However, every dental practice should be making strategic decisions to increase its revenue. If your dental office doesn’t already, consider accepting primary AND secondary insurance plans at your practice. Getting your coordination of benefits (COB) knowledge organized is possible! It brings huge benefits to your practice.

It might seem like more trouble than it’s worth, but at Dental ClaimSupport, we’ve seen dental offices grow their revenue by accepting multiple insurance plans and educating themselves on the rules of COB in order to be compliant.

In this article, you will learn how accepting primary and secondary insurance plans, and understanding COB can help your dental practice bring in more money. This knowledge will also help instill confidence in your dental team, instead of avoiding this revenue source because of the supposed “hassle.”

1. You will increase your pool of dental patients

When you decide to accept patients covered by multiple insurance plans, you become more valuable and appealing to the pool of patients who want to use all their coverage options. Some practice managers believe that accepting dual insurance is too complicated, and decline to take patients covered by more than one plan. 

By learning COB skills, your team can have the ability to accept these patients and increase your income from the additional benefits their plans allow.

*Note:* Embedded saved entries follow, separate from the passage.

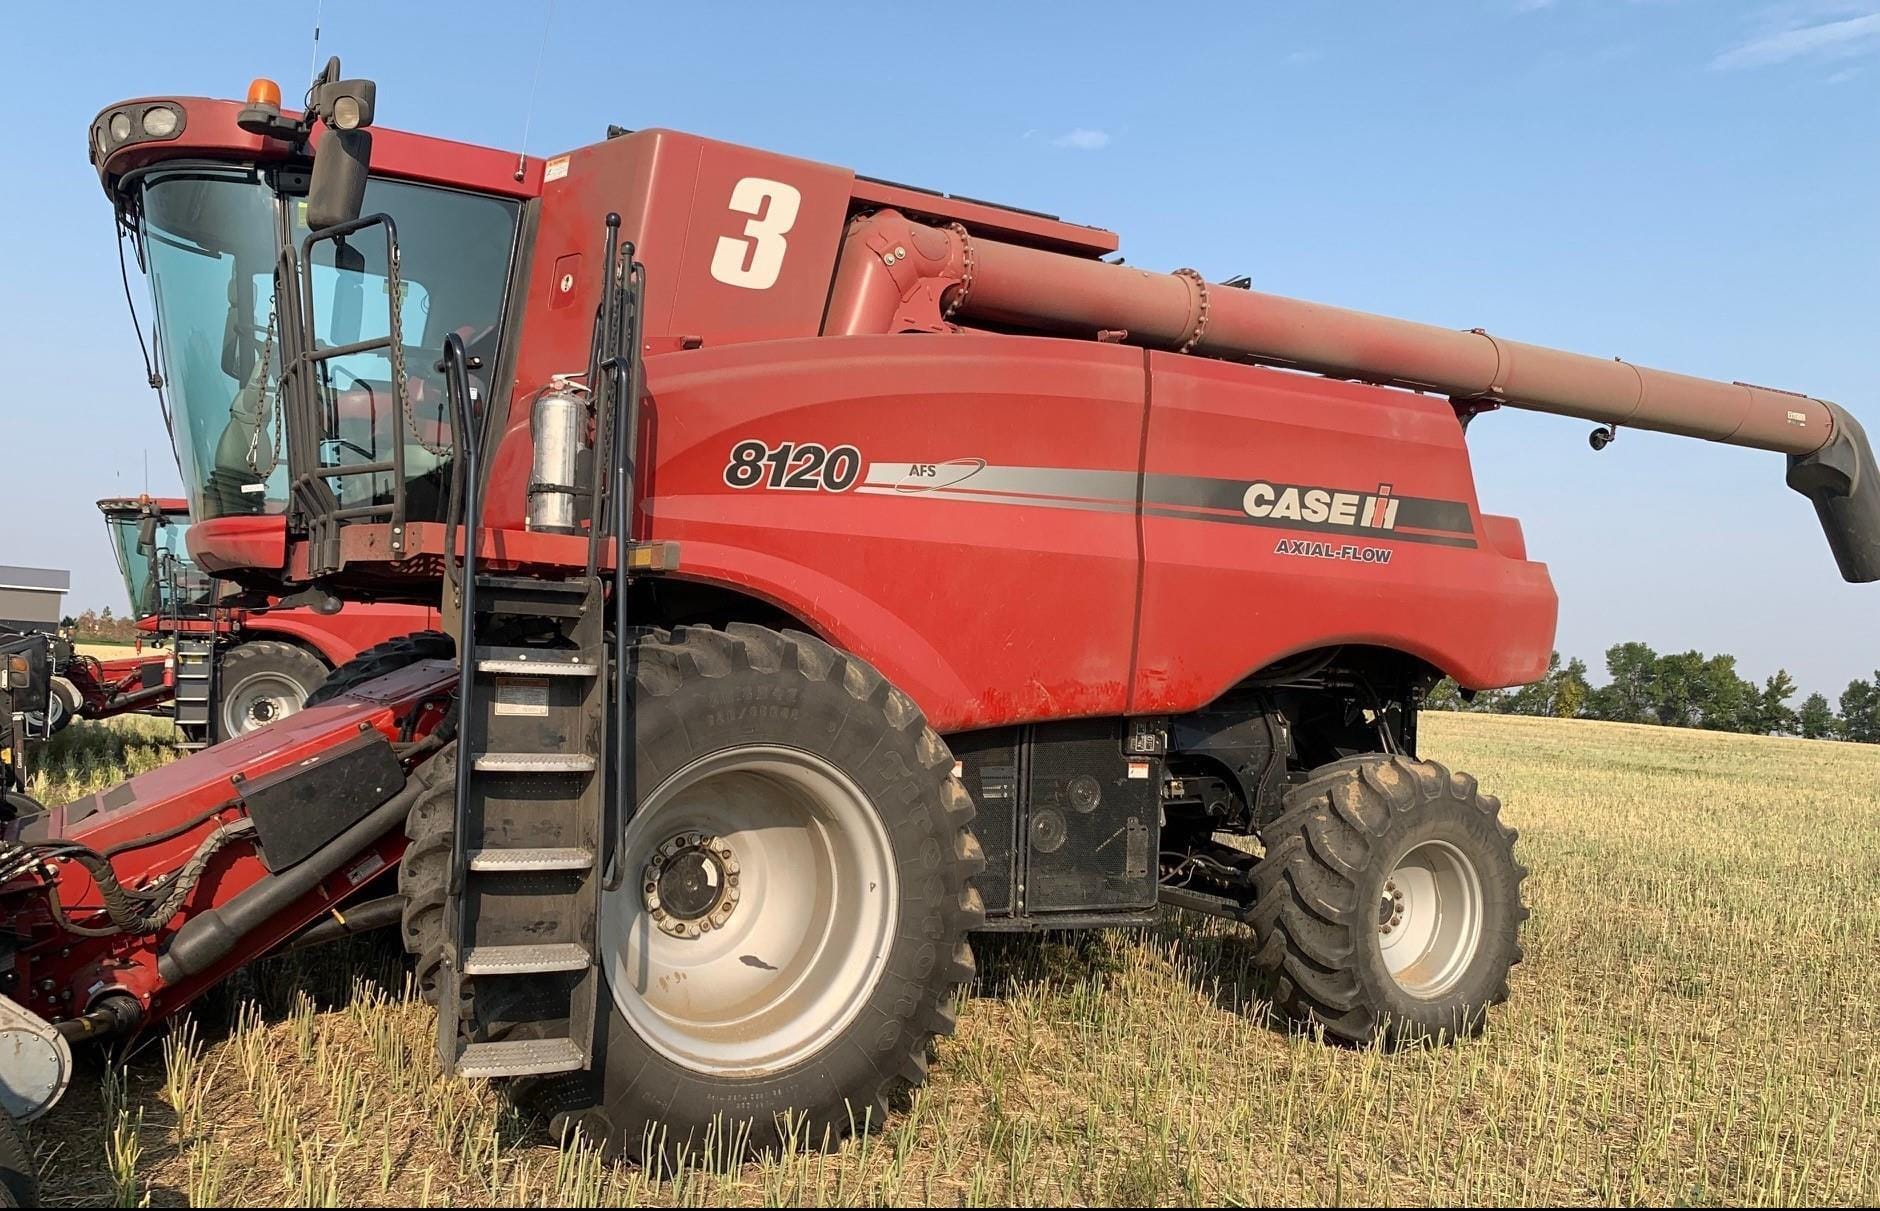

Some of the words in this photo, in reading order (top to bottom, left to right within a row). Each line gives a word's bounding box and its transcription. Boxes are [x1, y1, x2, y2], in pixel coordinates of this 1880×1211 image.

[711, 177, 801, 289] 3
[723, 440, 861, 491] 8120
[909, 464, 936, 477] AFS
[1243, 483, 1359, 525] CASE
[1275, 539, 1392, 563] AXIAL-FLOW
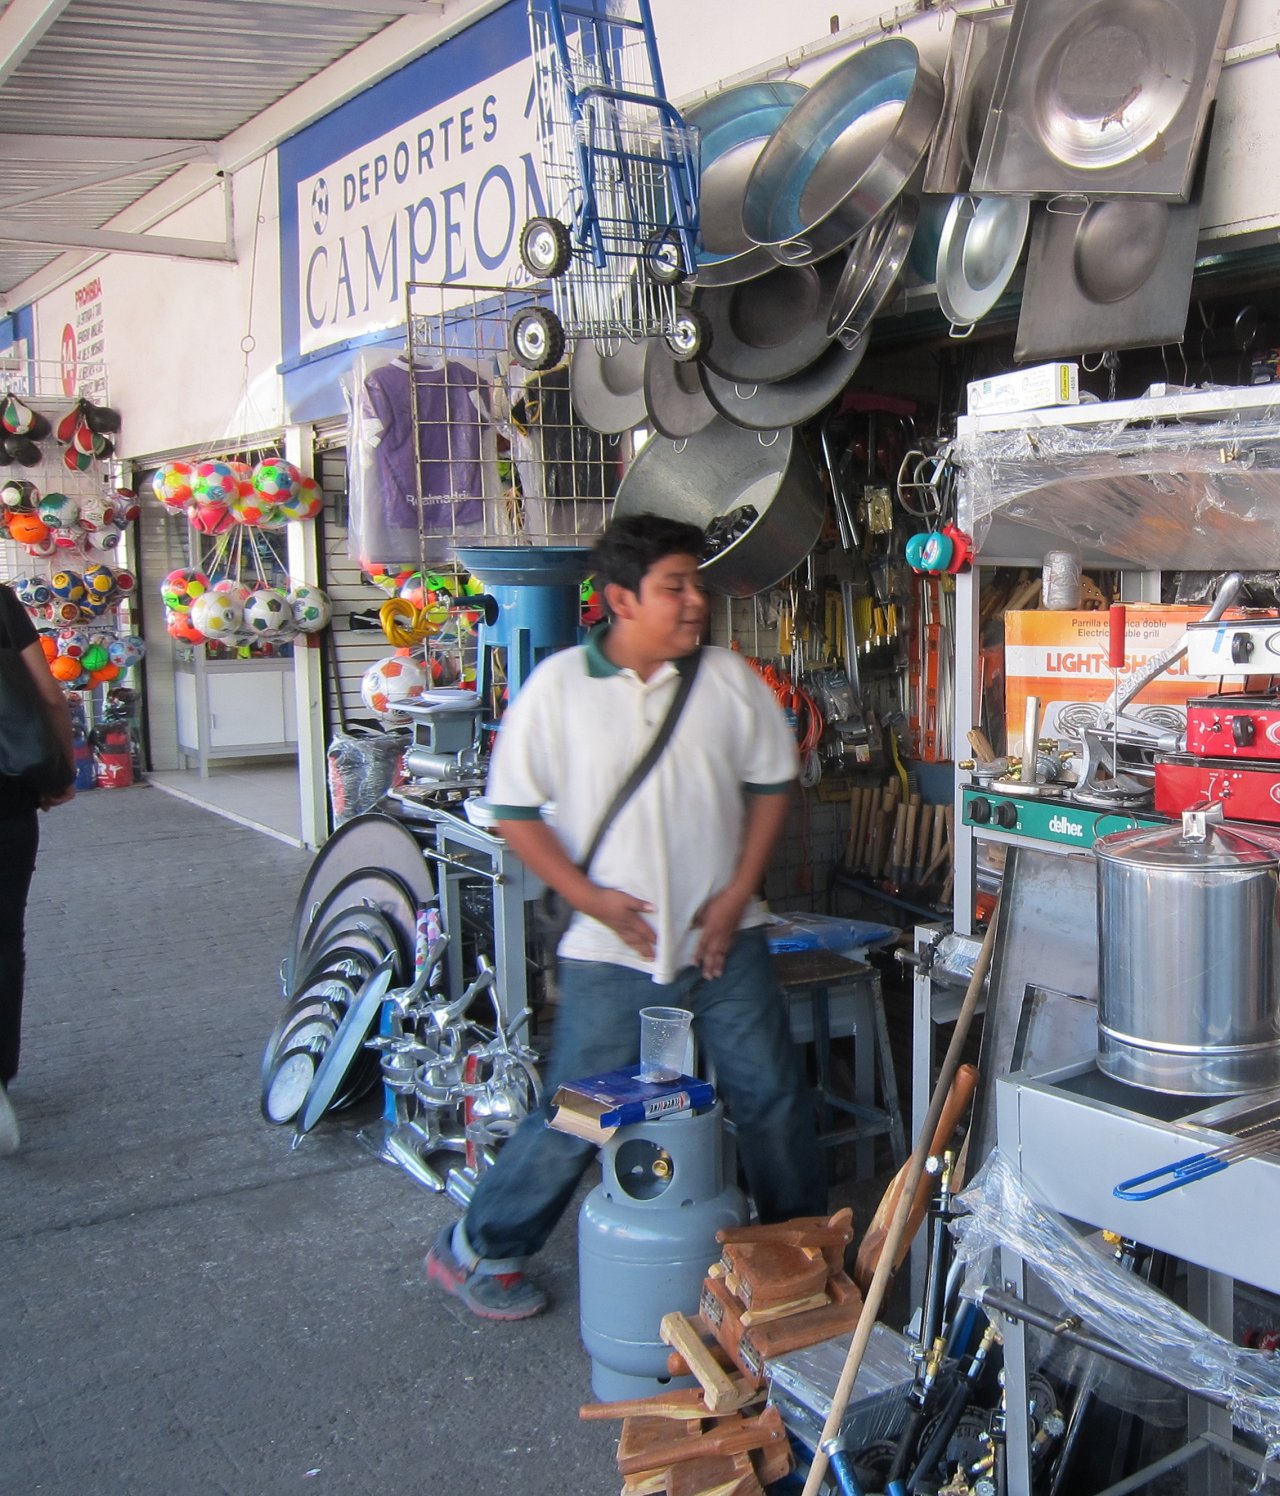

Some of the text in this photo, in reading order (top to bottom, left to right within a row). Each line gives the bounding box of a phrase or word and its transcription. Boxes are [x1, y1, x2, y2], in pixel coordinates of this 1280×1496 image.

[343, 93, 498, 213] DEPORTES
[1071, 618, 1101, 628] Parrilla
[1142, 617, 1167, 629] doble
[1078, 628, 1110, 638] Electric
[1143, 628, 1160, 640] grill
[1046, 652, 1189, 676] LIGHT SHCK
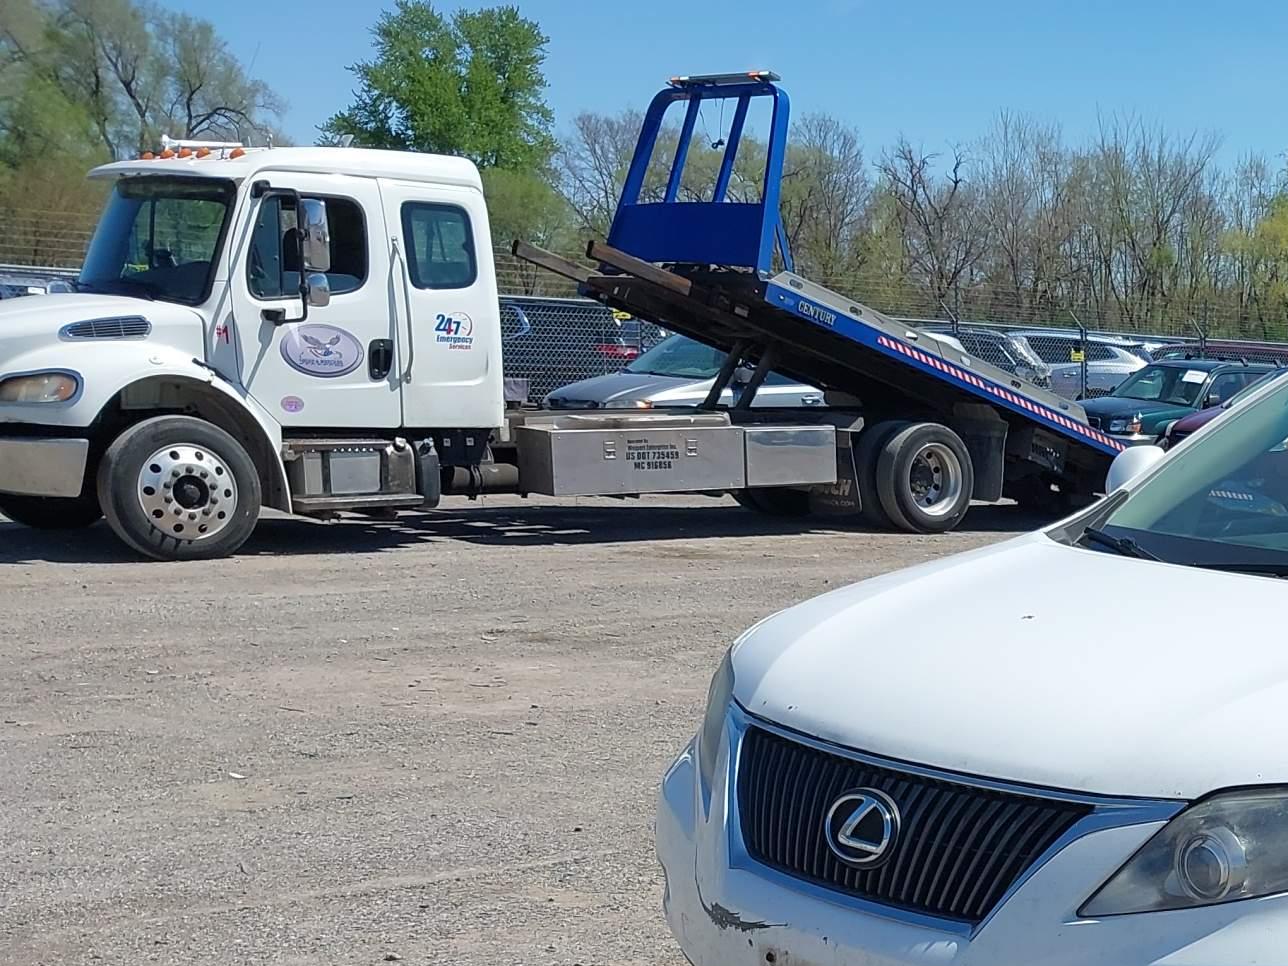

Unfortunately, coordinating benefits will trigger some questions. But life is complicated too.  People have kids, get divorced, and end up being covered by multiple insurance plans. Everyone’s situation is different. 

There are plenty of people out there who have secondary insurance plans, and you may be hurting your income and patient count by excluding these people from receiving your dental care. 

2. You will be able to collect more insurance income, which means more revenue

With the right knowledge, your team may be able to collect more from carriers when patients are covered under more than one plan.

For example, the fee set by the primary PPO will limit how much you collect from a patient with one plan. You can only collect the maximum amount on the fee schedule for treatments covered by the policy. The PPO fee is the patient’s responsibility when you’re in-network. 

But there’s a gap between the PPO allowed amount and the dentist’s full fee, which is greater. 

This is your write-off for patients with one insurance policy when they’ve met their responsibility.

But a secondary plan can help you fill the gap.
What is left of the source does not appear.